Effects of Cytochrome P450 Inhibitors on Itraconazole and Fluconazole Induced Cytotoxicity in Hepatocytes

1Pharmacology and Toxicology Unit, Department of Biomedical Sciences, Faculty of Medicine and Health Sciences, University of Putra Malaysia (UPM), Serdang, 43400 Selangor, Malaysia
2Faculty of Pharmacy, MARA University of Technology, 40500 Shah Alam, Malaysia

Received 10 November 2008; Accepted 16 May 2009

Academic Editor: Peter O'Brien

Copyright © 2009 Nhareet Somchit et al. This is an open access article distributed under the Creative Commons Attribution License, which permits unrestricted use, distribution, and reproduction in any medium, provided the original work is properly cited.

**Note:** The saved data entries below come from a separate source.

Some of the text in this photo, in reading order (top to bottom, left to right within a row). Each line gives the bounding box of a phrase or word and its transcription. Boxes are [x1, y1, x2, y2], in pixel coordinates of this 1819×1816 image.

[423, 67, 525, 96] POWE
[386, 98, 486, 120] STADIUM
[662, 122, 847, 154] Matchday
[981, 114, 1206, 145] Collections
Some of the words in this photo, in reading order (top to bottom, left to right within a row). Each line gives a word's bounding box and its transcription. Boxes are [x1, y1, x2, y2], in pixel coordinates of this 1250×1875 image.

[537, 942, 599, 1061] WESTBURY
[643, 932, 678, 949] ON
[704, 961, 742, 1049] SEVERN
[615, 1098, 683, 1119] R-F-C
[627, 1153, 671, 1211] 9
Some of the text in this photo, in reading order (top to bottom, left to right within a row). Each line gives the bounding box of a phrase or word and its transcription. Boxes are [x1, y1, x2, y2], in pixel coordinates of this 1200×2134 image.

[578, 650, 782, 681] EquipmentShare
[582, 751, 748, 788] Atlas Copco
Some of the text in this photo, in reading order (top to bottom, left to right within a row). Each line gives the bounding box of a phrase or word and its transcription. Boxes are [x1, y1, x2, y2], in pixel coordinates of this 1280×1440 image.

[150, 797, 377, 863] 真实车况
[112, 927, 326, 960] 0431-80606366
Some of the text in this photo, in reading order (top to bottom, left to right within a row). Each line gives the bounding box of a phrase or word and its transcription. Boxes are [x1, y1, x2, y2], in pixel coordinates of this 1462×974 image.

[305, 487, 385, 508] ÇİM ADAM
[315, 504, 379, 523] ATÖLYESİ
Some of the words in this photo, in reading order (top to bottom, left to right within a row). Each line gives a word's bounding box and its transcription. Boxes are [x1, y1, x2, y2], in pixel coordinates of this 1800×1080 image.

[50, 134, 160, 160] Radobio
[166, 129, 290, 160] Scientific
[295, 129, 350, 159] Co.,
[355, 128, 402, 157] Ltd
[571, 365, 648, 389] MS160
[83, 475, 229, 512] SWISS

Itraconazole and fluconazole have been reported to induce hepatotoxicity in patients. The present study was designed to investigate the role of cytochrome P450 inhibitors, SKF 525A, and curcumin pretreatment on the cytotoxicity of antifungal drugs fluconazole and itraconazole. For 3 consecutive days, female rats were administered daily SKF 525A or curcumin (5 and 25 mg/kg). Control rats received an equivalent amount of dosed vehicle. The animals were anaesthetized 24 hours after receiving the last dose for liver perfusion. Hepatocytes were then exposed to various concentrations of antifungal drugs. In vitro incubation of hepatocytes with itraconazole revealed significantly lower viability when compared to fluconazole as assessed by lactate dehydrogenase, aspartate aminotransferase and alanine aminotransferase activities. The cytotoxicity of itraconazole was enhanced when incubated with hepatocytes pretreated with SKF 525A. SKF 525A had no effects on the cytotoxicity of fluconazole. Curcumin failed to either increase or decrease the cytotoxicity of both antifungal drugs. ATP levels also showed significant decrease in both itraconazole and fluconazole incubated hepatocytes. However, SKF 525A pretreated hepatocytes had significantly lower ATP levels after itraconazole incubations. Collectively, these results confirm the involvement of cytochrome P450 in the cytoprotection in itraconazole induced hepatocyte toxicity. Differences of the effects of SKF 525A on the cytotoxicity induced by itraconazole and fluconazole may be due to the differences on the metabolism of each antifungal drug in vivo.